- _SUPPLIED RECORDS_
##############################

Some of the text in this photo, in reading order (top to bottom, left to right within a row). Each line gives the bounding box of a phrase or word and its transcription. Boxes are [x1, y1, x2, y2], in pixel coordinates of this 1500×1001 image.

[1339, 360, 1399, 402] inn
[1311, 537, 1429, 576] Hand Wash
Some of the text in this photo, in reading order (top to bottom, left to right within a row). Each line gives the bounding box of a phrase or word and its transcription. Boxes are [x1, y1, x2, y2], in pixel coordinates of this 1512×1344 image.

##############################

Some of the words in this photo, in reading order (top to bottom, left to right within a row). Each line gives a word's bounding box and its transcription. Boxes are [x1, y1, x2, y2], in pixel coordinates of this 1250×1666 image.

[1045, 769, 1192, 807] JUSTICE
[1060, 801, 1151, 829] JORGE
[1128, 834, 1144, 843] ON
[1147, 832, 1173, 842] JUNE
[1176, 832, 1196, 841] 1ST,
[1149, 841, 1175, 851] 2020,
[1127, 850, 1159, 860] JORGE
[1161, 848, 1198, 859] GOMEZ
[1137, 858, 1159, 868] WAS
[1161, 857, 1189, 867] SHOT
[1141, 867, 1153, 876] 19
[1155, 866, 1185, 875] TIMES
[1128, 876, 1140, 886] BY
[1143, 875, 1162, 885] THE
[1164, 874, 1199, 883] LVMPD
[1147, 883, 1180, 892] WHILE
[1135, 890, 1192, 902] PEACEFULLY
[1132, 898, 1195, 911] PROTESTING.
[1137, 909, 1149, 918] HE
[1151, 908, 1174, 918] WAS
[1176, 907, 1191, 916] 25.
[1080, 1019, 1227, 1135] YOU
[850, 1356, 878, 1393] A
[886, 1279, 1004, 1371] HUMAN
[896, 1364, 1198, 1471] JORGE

##############################

- _EXERCISE DESCRIPTION_
Take the line above containing "this 1500×1001 image.", the line containing "this 1512×1344 image.", and all lines in between, and copy them exactly without anything else.

- _EXPECTED ANSWER_
Some of the text in this photo, in reading order (top to bottom, left to right within a row). Each line gives the bounding box of a phrase or word and its transcription. Boxes are [x1, y1, x2, y2], in pixel coordinates of this 1500×1001 image.

[1339, 360, 1399, 402] inn
[1311, 537, 1429, 576] Hand Wash
Some of the text in this photo, in reading order (top to bottom, left to right within a row). Each line gives the bounding box of a phrase or word and its transcription. Boxes are [x1, y1, x2, y2], in pixel coordinates of this 1512×1344 image.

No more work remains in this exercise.